PDA

Archiv verlassen und diese Seite im Standarddesign anzeigen : SSL nur für bestimmte Domain


WishMaster@NND
05.11.10, 08:28
Hallo,

ich habe einen Apache 2 mit Ubuntu 10.04 LTS und folgendes Problem: Ich habe zwei SSL-Zertifikate, einmal für bla.domain.de und einmal für blub.domain.de.
Rufe ich https://bla.domain.de auf, funktioniert alles wunderbar. Bei https://blub.domain.de bekomme ich von Chromium den Hinweis, dass das Zertifikat auf bla.domain.de ausgestellt wurde und für blub.domain.de ungültig ist. Ignoriere ich den Fehler, erhalte ich trotzdem den richtigen Inhalt für blub.domain.de
Deaktiviere ich bla.domain.de mit a2dissite, funktioniert blub.domain.de problemlos. Aktiviere ich bla.domain.de wieder, kehrt sich das Problem genau um.
Ich hoffe, ihr könnt mir weiterhelfen :)

Die Virtualhost-Konfigurationen für beide Domains sehen so aus:


<VirtualHost XXX.XXX.XXX.XXX:443>
ServerAdmin webmaster@localhost
DocumentRoot /var/www/bla
ServerName bla.domain.de
ServerAlias *.bla.domain.de
AssignUserID blauser nobody

SSLEngine on
SSLProtocol all -SSLv2
SSLCipherSuite ALL:!ADH:!EXPORT:!SSLv2:RC4+RSA:+HIGH:+MEDIUM
SSLCertificateFile /etc/apache2/ssl/bla.pem
SSLCertificateKeyFile /etc/apache2/ssl/bla.key
SSLCertificateChainFile /etc/apache2/ssl/sub.class1.server.ca.pem
SSLCertificateChainFile /etc/apache2/ssl/ca.pem

</VirtualHost>



und



<VirtualHost XXX.XXX.XXX.XXX:80>
ServerAdmin webmaster@localhost
DocumentRoot /var/www/blub.domain.de
ServerName blub.domain.de
ServerAlias *.blub.domain.de
AssignUserID blubuser nobody
</VirtualHost>

<VirtualHost XXX.XXX.XXX.XXX:443>
ServerAdmin webmaster@localhost
DocumentRoot /var/www/blub
ServerName blub.domain.de
ServerAlias *.blub.domain.de
AssignUserID blubuser nobody

SSLEngine on
SSLProtocol all -SSLv2
SSLCipherSuite ALL:!ADH:!EXPORT:!SSLv2:RC4+RSA:+HIGH:+MEDIUM
SSLCertificateFile /etc/apache2/ssl/blub.pem
SSLCertificateKeyFile /etc/apache2/ssl/blub.key
SSLCertificateChainFile /etc/apache2/ssl/sub.class1.server.ca.pem
SSLCertificateChainFile /etc/apache2/ssl/ca.pem

</VirtualHost>
marce
05.11.10, 08:48
IP/PortBased oder NameBased vHosts?
WishMaster@NND
05.11.10, 08:54
Wenn du das meinst, was ich glaube, dass du meinst, dann IP/Port based:


NameVirtualHost XXX.XXX.XXX.XXX:80
NameVirtualHost XXX.XXX.XXX.XXX:443
marce
05.11.10, 09:00
Das wäre NameBased - das geht nicht.

Du brauchst entweder spezielle Zertifikate (MultiHost) oder "irgendeine andere Lösung, deren Name mir gerade nicht einfällt"...

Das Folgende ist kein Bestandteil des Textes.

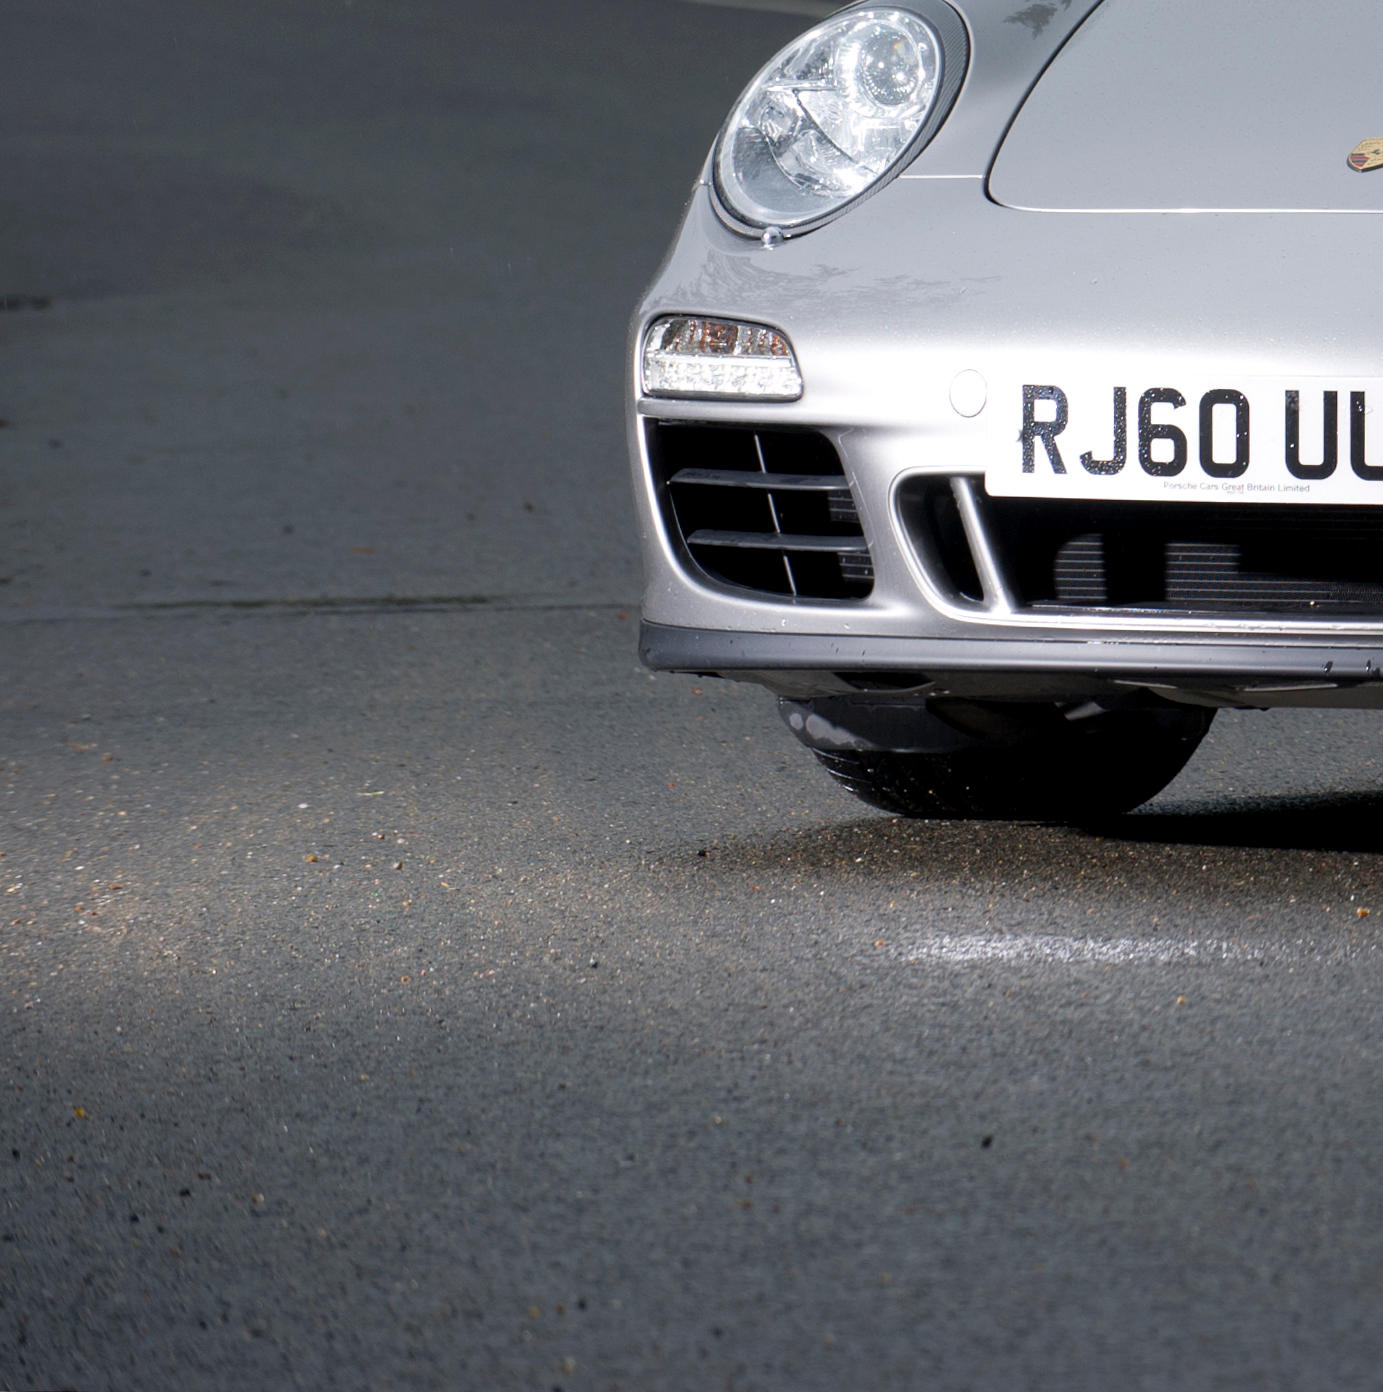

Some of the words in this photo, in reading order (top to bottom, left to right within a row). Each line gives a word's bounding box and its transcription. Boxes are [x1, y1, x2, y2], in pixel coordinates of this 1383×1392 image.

edit sagt: gefunden: http://www.linuxforen.de/forums/showpost.php?p=1751458&postcount=16
WishMaster@NND
05.11.10, 09:50
Mhm ... seltsam ... aber durch SNI sollte das ja eigentlich automatisch gehen ... tut es aber nicht. Oder habe ich etwas übersehen, wie man das aktiviert?
WishMaster@NND
05.11.10, 10:25
Mysteriös ... wieso geht es jetzt plötzlich? Irgendwie ist mir das nicht ganz geheuer ... denn ganz am Anfang ging es auch schon mal ...